2018年5月25日金曜日

ウルシの花

茨城県のウルシ(漆)の生産高は全国第二位(H25年度)だそうだ。(第一位は岩手県でダントツの651キロ、二位の茨城県が205キロ、三位が栃木県で100キロ)
茨城県と言っても、ほとんどが大子町と常陸大宮市北部だ。なので「奥久慈漆」と呼ばれている。そしてその品質は【日本一と言われている】と、常陸大宮市の広報に記されている
山方から大子に向かう途中の国道118号沿いの山の斜面には、植樹されたウルシの木が立ち並んでいる場所が何カ所かある。生産組合を作って大切に育てている場所のようだ。
2015年から国宝や重要文化財の修理には国産の漆を使うことになって、ますます重要性が高まっている国産ウルシだ。

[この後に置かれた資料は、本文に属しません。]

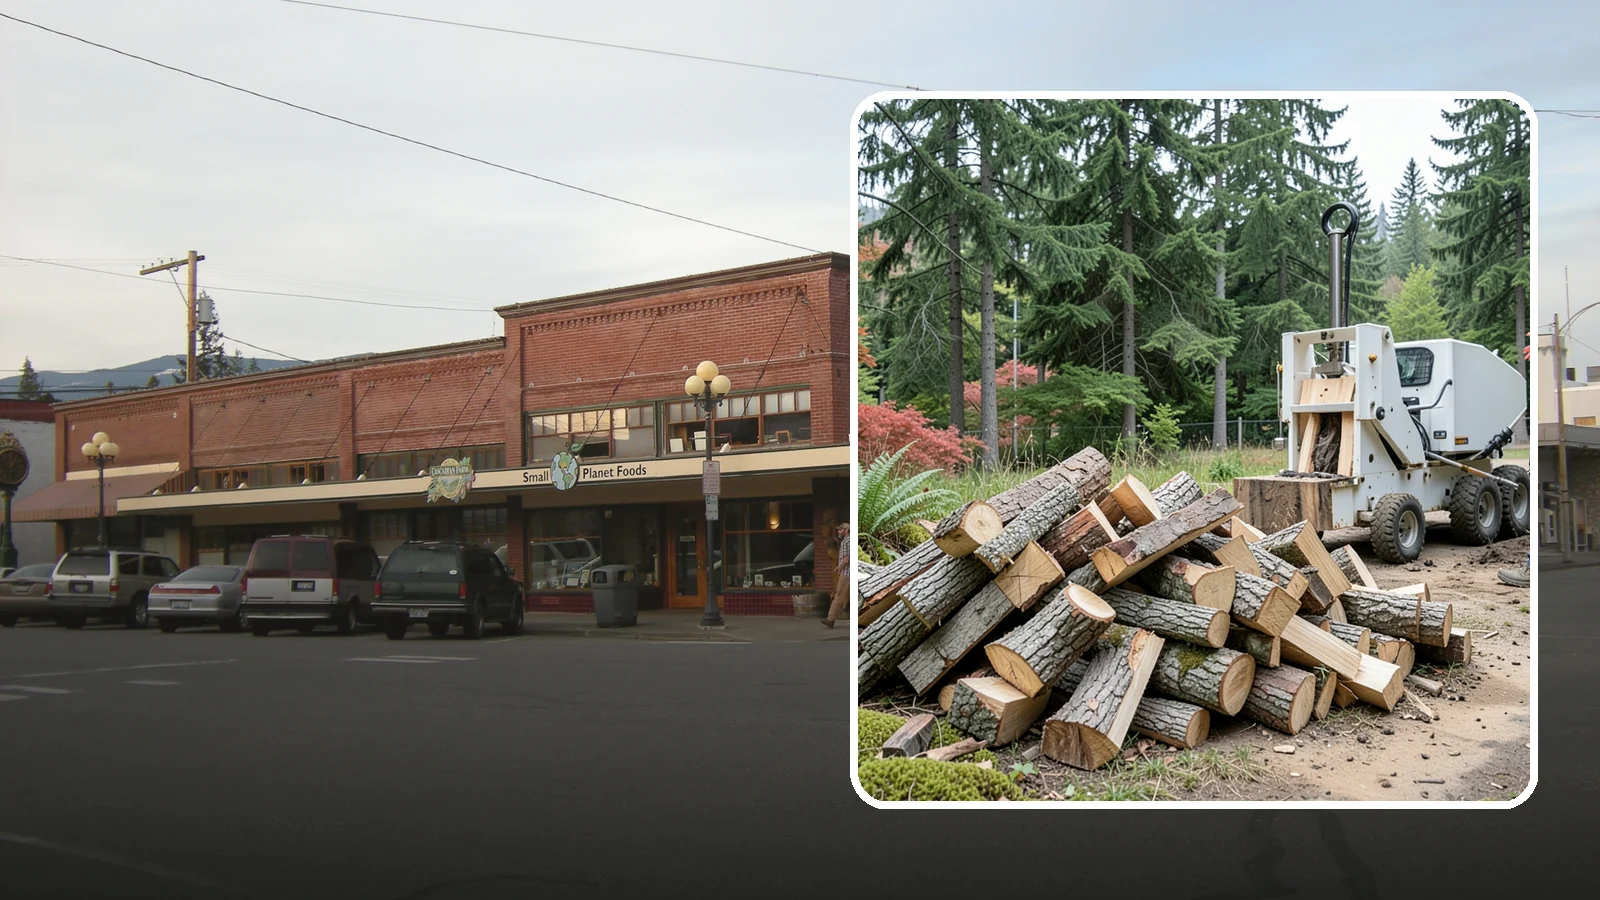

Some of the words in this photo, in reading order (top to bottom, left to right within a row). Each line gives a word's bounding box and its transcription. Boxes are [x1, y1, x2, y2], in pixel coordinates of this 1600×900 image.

だが、小生はウルシが大嫌いである。まったく愛がない。
以前も書いたが(2013/1/13ブログ)、子供時代に何度もウルシにかぶれてとても痛い目に合っている。それはそれは辛いもので、その時の記憶は今でもトラウマになっている。
まったくもって憎たらしい存在なのである。
 ◇ ◇ ◇ ◇
このウルシに花が咲く。
ちょうど今がその時期である。けっして派手な花はなく、色も形も実に控えめである。見たことが無い人も多かろう、次の写真の花だ。
ツブツブの小さな蕾がたくさん集まっていて、黄色い花弁が開いてもほんの1~2ミリほど。特別な香りがある訳でもない。

ウルシの花
花は樹全体につくのだが、よほど近くに近寄ってみないと花の姿は見えない。
だが・・・・・、樹下に立つと開花しているのが【耳】で分かる。
どういうことかというと、夥しいたしいミツバチがこの花を訪れていて、羽音がすごいのだ。

個人的には大嫌いなウルシであるが、立派な蜜源の木である。
ミツバチにとってはとびきりのご馳走で、宝の泉のような木だ。
野に花が咲き乱れる時期を過ぎて花が少なくなっている今、これだけ大量にしかも長期間に渡って花を付けている樹木があるというのは、ミツバチを飼うものにとっては実にありがたい存在だ。里山の豊饒さのひとつの表れだろう。神様に感謝だ。

ミツバチが喜ぶ花なのだから仕方ないと(ウルシ嫌いの小生としては無理にでも)納得するしかない。なんとも複雑である。